Chen et al (2016) report in Nucleic Acids Research results of a systematic analysis of chromatin conformation on various genome editing tools and observe effects that are not equally shared among the most popular systems.
The authors focus on two gene-editing systems, TALENS and CRISPR/Cas9 and were motivated by absence of any quantitative analysis on the effects of chromatin conformation on isogenic sites. In addition, the authors wanted to assess the relative performance of TALENS and CRISPR/Cas9 at target sites that have different epigenetic modifications.
Chen et al. make use of two human cell lines (human embryonic kidney – HEK; human embryonic retinoblasts – HER), each with a report gene system that was enabled the monitoring of double strand break activity. In one system DSB and NHEJ would result in a gain of function of the reporter gene (DsRed), while in the other a loss of reporter gene function (EGFP).
What was particularly interesting about these editing targets is that they were in a transgene construct that allowed the authors to transition the chromatin state from compact to relaxed with the use of a small molecular (doxycycline). The details of the reporter system are nicely described and illustrated in the paper.
With these two FACS-based assays in place the authors did a number of experiments and made a couple of observations.
First, compact chromatin states reduce editing activity regardless of the system
Second, the authors found that TALENs seem to more sensitive than Cas9
Finally, Cas9 and some of the popular variants that are currently in use show different sensitivities to chromatin structure. The high specificity variant – SpCas9-HF1 showed significantly more sensitivity to chromatin structure compared to Cas9 and another high specificity variant eSpCas9(1.1).

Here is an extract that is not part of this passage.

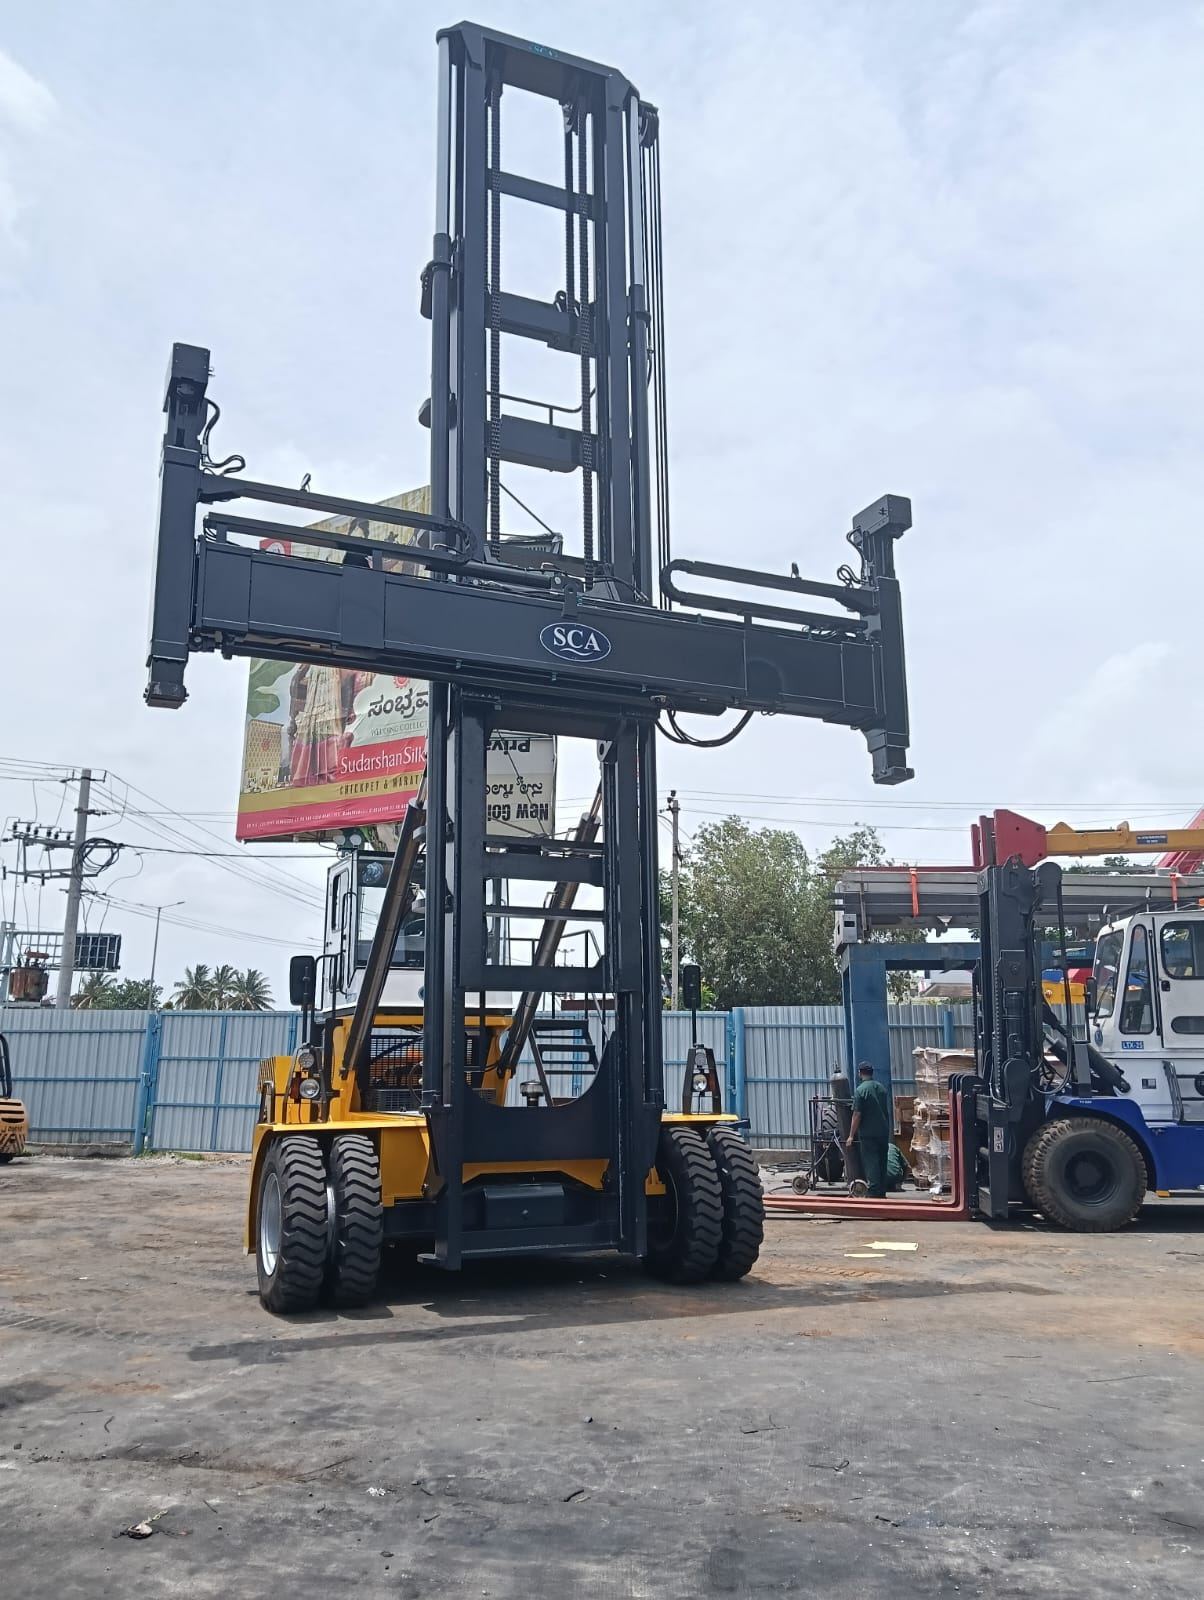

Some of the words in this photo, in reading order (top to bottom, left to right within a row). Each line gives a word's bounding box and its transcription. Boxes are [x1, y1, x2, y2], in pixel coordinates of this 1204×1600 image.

[554, 627, 601, 651] SCA
[393, 774, 422, 788] MARAT
[516, 803, 549, 821] New

While the data reported by Chen et al. are convincing and the impact of chromatin on editing systems is not surprising it remains to be seen whether there is anything a potential user of editing systems can do about these limitations of these systems.
It seems that from a practical perspective users are advised to design good targeting molecules and hedge those efforts by designing alternative targeting molecules to different regions of the target sequence, since local chromatin structure among other things may limit the effectiveness of any particular molecule.